Read Dead Man's Bones Online

Authors: Susan Wittig Albert

Dead Man's Bones (3 page)

I sighed and pushed in Big Mama’s clutch. This was none of my friggin’ bidness, as we say in Texas. If Ruby wants to fall in love, that’s her lookout, and I wouldn’t do anything about it, even if I could. Privacy is and has always been one of my big hot-button issues. I have to admit to a certain queasy ambivalence when it comes to criminal matters, but in general, unless there is an overwhelming reason to suspect that a law has been broken, I believe that governments have no right to pry into the private lives of citizens, and that citizens have no right to intrude on other citizens’ affairs. I resist attempted invasions of my own personal privacy. I wouldn’t invade Ruby’s unless she got herself into some sort of serious trouble and asked for my help.
Anyway, what was I worried about? What, specifically, was my problem? Was it Ruby’s speckled history, where love was concerned? Or was it Colin Fowler, about whom I knew almost nothing at all?
I shook my head. I couldn’t answer these questions, and I had no business asking them. It was time to go on to other things.
 
I was headed out to the Flower Farm, about fifteen miles south of town, where I was to pick up Brian. His latest passion is archaeology, and he’s been taking part in a cave dig that’s being carried out by the Central Texas State University Anthropology Department at Mistletoe Springs Cave, which is on Flower Farm property.
Most of the people in my life seem not to change very much, except for my son—McQuaid’s son with his first wife, Sally (from whom Brian hears only in intermittent and incoherently passionate bursts), but now my son, as well.

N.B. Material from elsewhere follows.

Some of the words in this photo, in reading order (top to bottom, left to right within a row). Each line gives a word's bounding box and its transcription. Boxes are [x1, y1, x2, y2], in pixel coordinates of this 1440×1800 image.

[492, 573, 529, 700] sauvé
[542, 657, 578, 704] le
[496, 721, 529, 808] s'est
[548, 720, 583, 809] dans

Brian is taller and heavier than he was just six months ago, and his body has a new authority. I can see a more confident set to his shoulders and the shadow of a mustache on his upper lip, and hear a deeper, more manly voice. Sometimes. Some of his sentences start off in that startling new man’s voice, but end in his child’s voice, and I’m reminded that the boy is moving through the between years, when he is still a bit of both.

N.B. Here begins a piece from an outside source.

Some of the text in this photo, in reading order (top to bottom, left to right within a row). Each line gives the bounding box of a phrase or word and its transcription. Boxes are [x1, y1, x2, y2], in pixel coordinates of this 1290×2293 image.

Cavers get dirtier than anybody else in the world, but since Brian is well on his way to becoming a scientist of one sort or another, I try not to mind. His passions are worth supporting, even when it comes to washing those unspeakable jeans or ferrying him back and forth to the dig.
Anyway, I was enjoying the drive. October brings autumn and cooler weather to most parts of the United States, but in the Texas Hill Country, it’s the tail end of summer, no matter what the calendar says. The temperature this afternoon had spiked to a warm eighty-five. The limbs of the pecan trees were sagging under a heavy load of nuts, the prickly pear cactus sported their fruit like plump red fingers on green mittens, and the fields and roadsides blazed with sunflowers, purple asters, and snake-weed. Off to my right rose a high, steep limestone bluff; a little farther on, the same rock had been carved by eons of flashflooding into a broad ravine, shaded by sycamore and cypress. We’d had a couple of substantial tropical rains in late September, and water stood in emerald-green pools in the shade of the trees. Still farther, when I drove over the low-water crossing on Mistletoe Creek just before I reached the farm, water was spilling across the road, bright and clear and sparkling like liquid crystal. Texas Hill Country creeks are here today and gone tomorrow, but when they’re running bank-f, there’s nothing quite as beautiful.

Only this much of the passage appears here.